→ **Exercise directions**:
Below are lines of data, and only some are wanted. Please repeat exactly those from the line that has "this 1280×1304 image." through the line that has "this 1920×1285 image.".

→ **Data provided**:

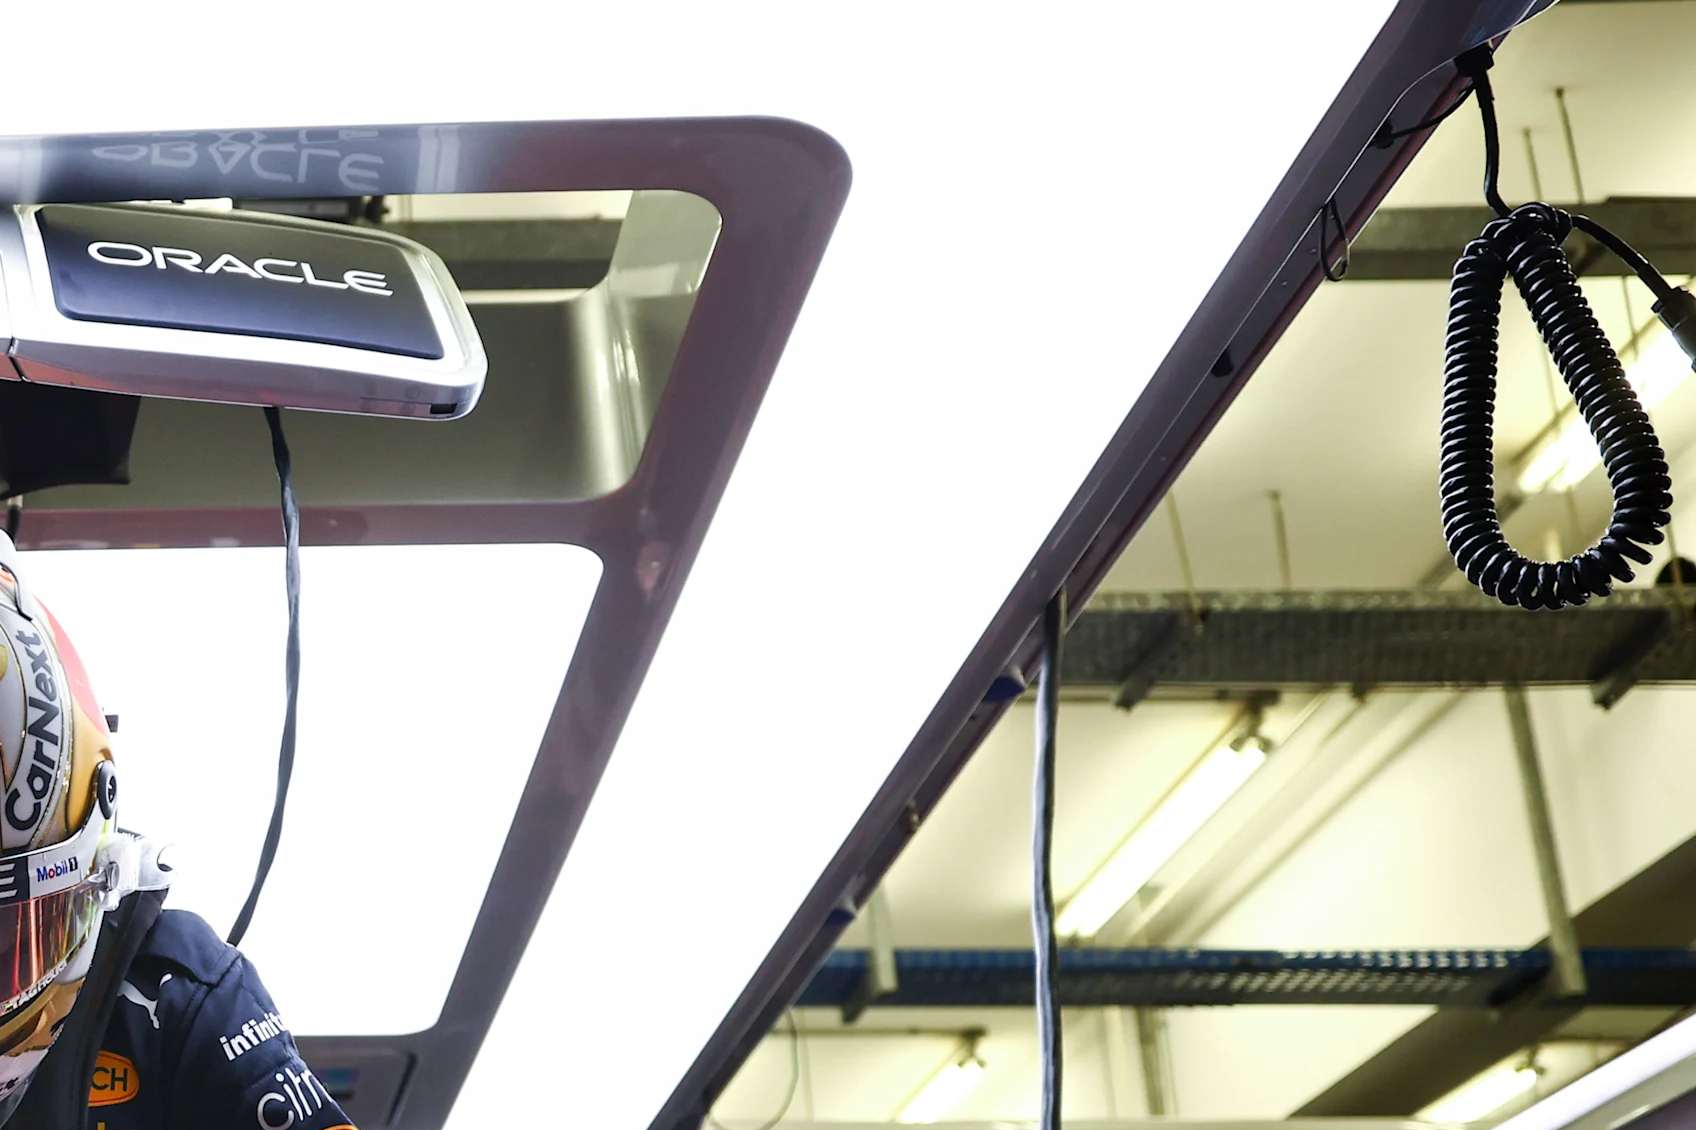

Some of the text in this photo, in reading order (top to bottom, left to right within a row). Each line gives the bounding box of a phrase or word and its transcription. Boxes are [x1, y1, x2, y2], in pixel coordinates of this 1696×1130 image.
---
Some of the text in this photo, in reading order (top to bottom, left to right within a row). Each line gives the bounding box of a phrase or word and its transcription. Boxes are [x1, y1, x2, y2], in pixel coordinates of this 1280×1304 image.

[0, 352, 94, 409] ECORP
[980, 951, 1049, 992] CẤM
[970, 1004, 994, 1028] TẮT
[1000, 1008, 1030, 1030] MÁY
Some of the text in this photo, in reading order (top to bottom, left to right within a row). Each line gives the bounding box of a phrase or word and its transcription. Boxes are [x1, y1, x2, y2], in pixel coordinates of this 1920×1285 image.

→ **Answer for the task**:
Some of the text in this photo, in reading order (top to bottom, left to right within a row). Each line gives the bounding box of a phrase or word and its transcription. Boxes are [x1, y1, x2, y2], in pixel coordinates of this 1280×1304 image.

[0, 352, 94, 409] ECORP
[980, 951, 1049, 992] CẤM
[970, 1004, 994, 1028] TẮT
[1000, 1008, 1030, 1030] MÁY
Some of the text in this photo, in reading order (top to bottom, left to right within a row). Each line gives the bounding box of a phrase or word and its transcription. Boxes are [x1, y1, x2, y2], in pixel coordinates of this 1920×1285 image.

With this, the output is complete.